In fact, the university is currently integrating AI across its curricula and hiring 100 additional faculty members focused on AI. “HiPerGator AI helps amplify and accelerate our work in AI,” he says.
HiPerGator AI, launched in early 2021, is a turnkey AI supercomputer made up of more than 140 Nvidia DGX servers, each with 2.5 petabytes of flash storage. The new AI supercomputer, which is paired with UF’s existing general purpose HiPerGator 3.0 supercomputer, delivers a combined 700 petaflops of performance.
However, data-intensive workloads can easily overwhelm the network and create a bottleneck that can slow performance, which is why building a new high-speed network is critical, Eldayrie says.
The faster network, which is expected to go live during the spring 2022 semester, will optimize supercomputer performance and facilitate research.
“As data grows, the network has to grow with it,” he says.
Adjusting Network Bandwidth on the Fly
The University of Michigan, in Ann Arbor, Mich., is also building a new core network that will provide up to a tenfold performance increase for research, teaching and learning, and other campus activities, including access to research archives, says Ravi Pendse, UM’s CIO and vice president for IT.
Researchers, faculty and staff all have different bandwidth needs. Users currently with 1Gbps or 10Gbps will be able to get 100Gbps, while users with 100Gbps will be able to get several hundred gigabits per second, he says.
“Our new architecture supports diverse needs and takes care of our brilliant scientists and our outstanding students and staff,” Pendse says. “Before, we were limited in how many 100-gig connections we could provide.
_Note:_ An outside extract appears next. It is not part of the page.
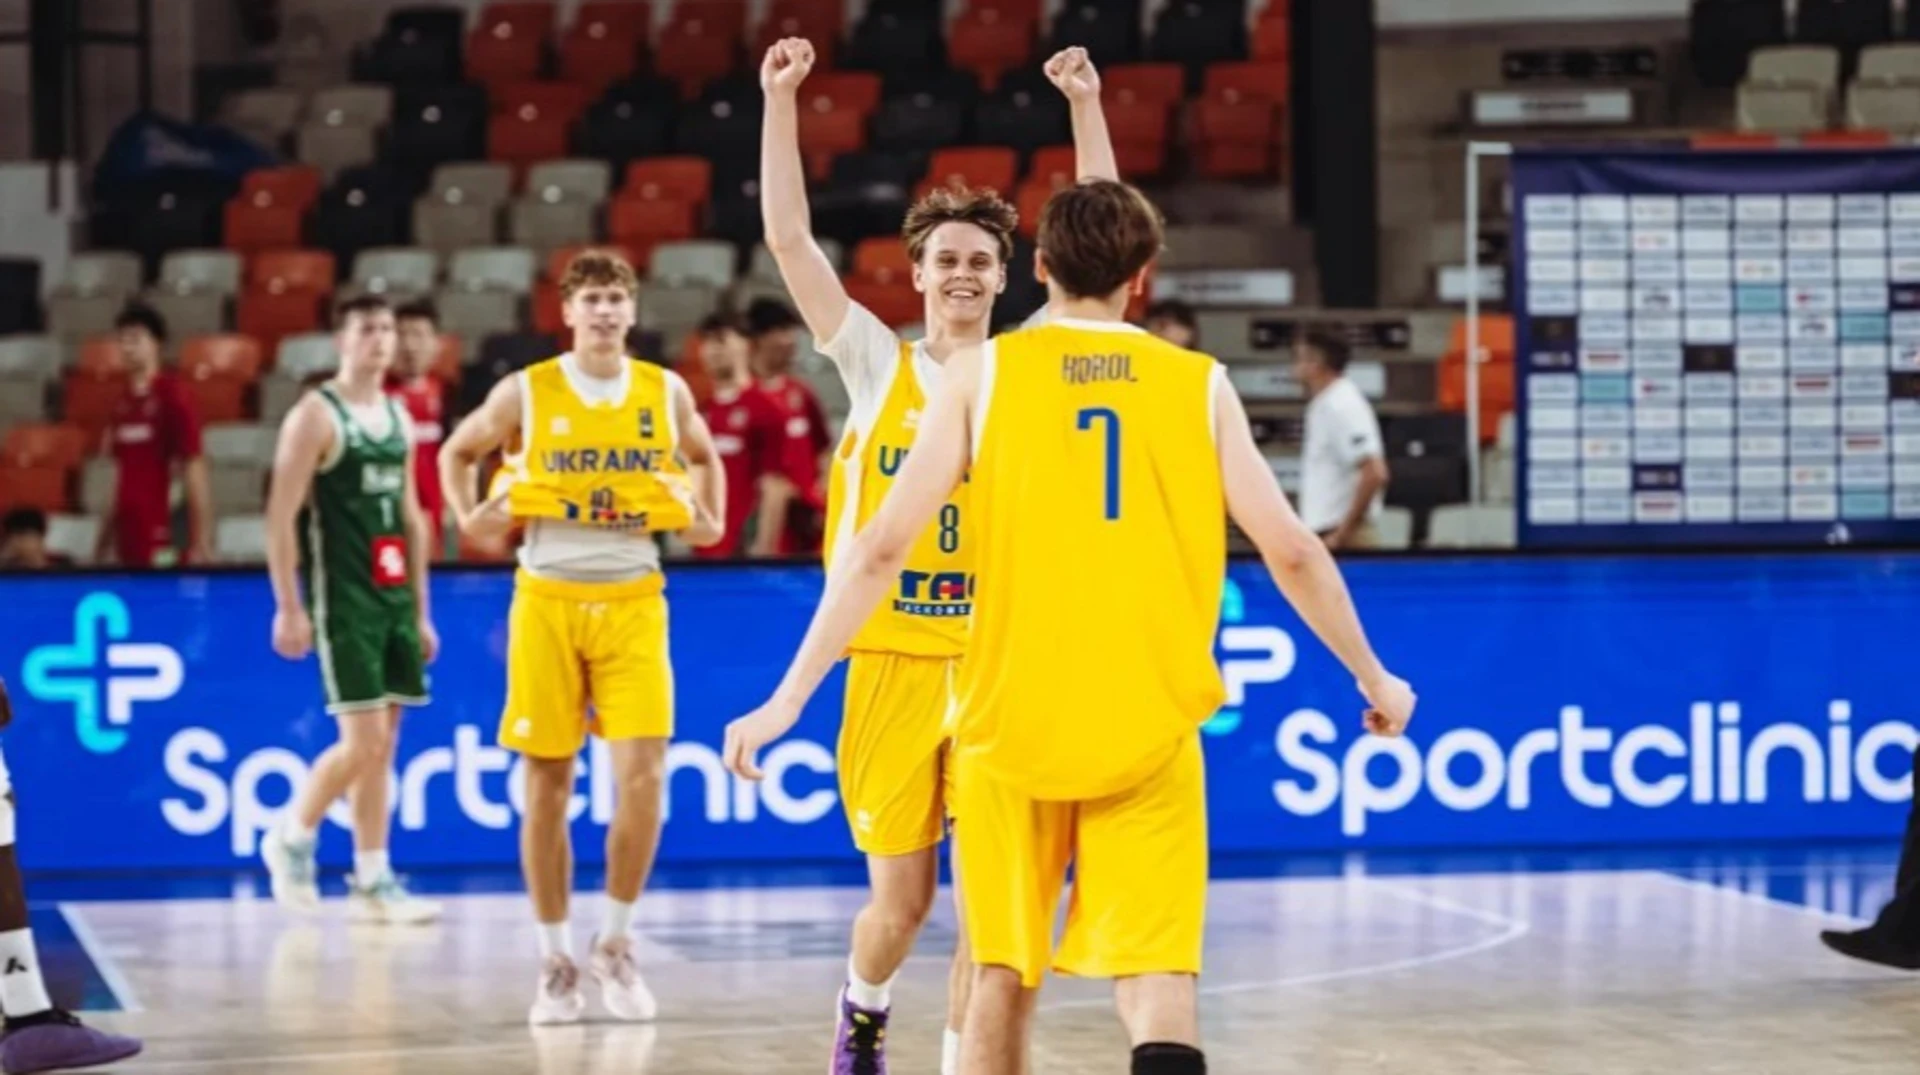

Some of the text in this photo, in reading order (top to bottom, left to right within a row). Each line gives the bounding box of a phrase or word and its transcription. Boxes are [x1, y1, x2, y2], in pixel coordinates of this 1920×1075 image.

Now, we have the flexibility to scale as needs increase.”
UM’s IT team has laid new fiber across campus and is using software-defined networking concepts via configurable fabrics to build the new core network. Through software-controllable network gear and homegrown automation software, the IT staff can provision network resources and scale up and down as researchers and other users require, he says.
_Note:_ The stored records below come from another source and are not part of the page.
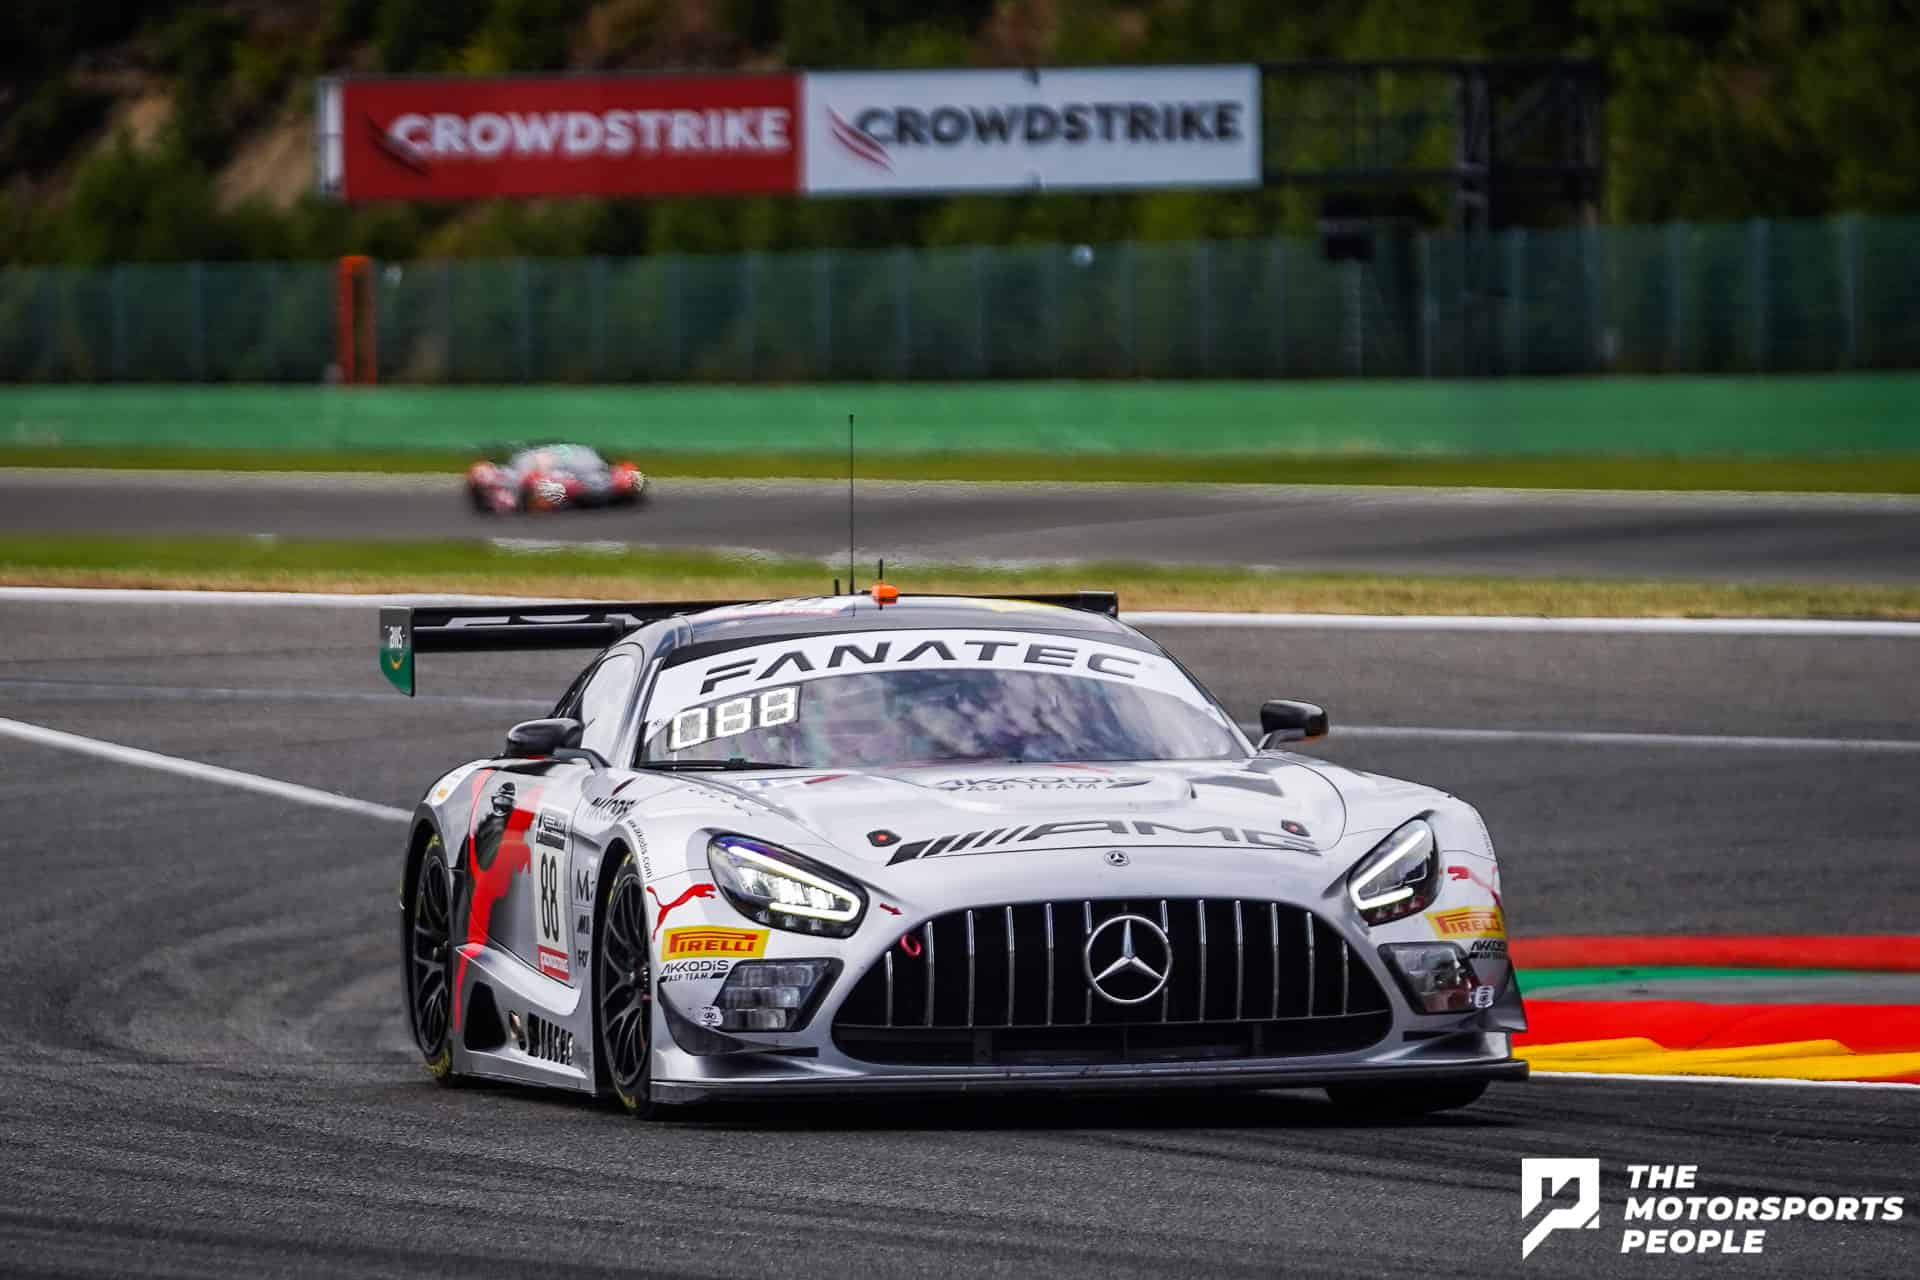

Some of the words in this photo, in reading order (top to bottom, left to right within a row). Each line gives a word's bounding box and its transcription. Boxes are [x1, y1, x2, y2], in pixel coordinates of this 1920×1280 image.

[390, 108, 790, 155] CROWDSTRIKE
[856, 101, 1244, 145] CROWDSTRIKE
[700, 640, 1148, 695] FANATEC
[669, 686, 797, 751] 088
[1024, 783, 1098, 791] TEAM
[1018, 820, 1322, 857] AMG
[540, 852, 560, 943] 88
[668, 930, 759, 955] PIRELLI
[685, 972, 710, 982] TEAM
For example, researchers who typically require 10Gb speeds at their labs may need 100Gb speeds for six months. IT administrators can remotely configure the higher speeds.
“After six months, when the researcher doesn’t need the bandwidth anymore, we can virtually deprovision that link down and give the bandwidth to somebody else who needs it,” Pendse says.
The network provisioning process could take a few minutes to a few hours, which is much faster than in the past, when it could take up to six months to plan and deploy new cabling and networking equipment, he says.
UM began the $10.1 million project in the fall of 2019 and plans to go live with the new network in late spring 2022. Once complete, it will have a huge impact for researchers, Pendse says.
“As Michigan’s researchers need more bandwidth, we can quickly adapt the network and provide them the environment they need to get their research done,” he says.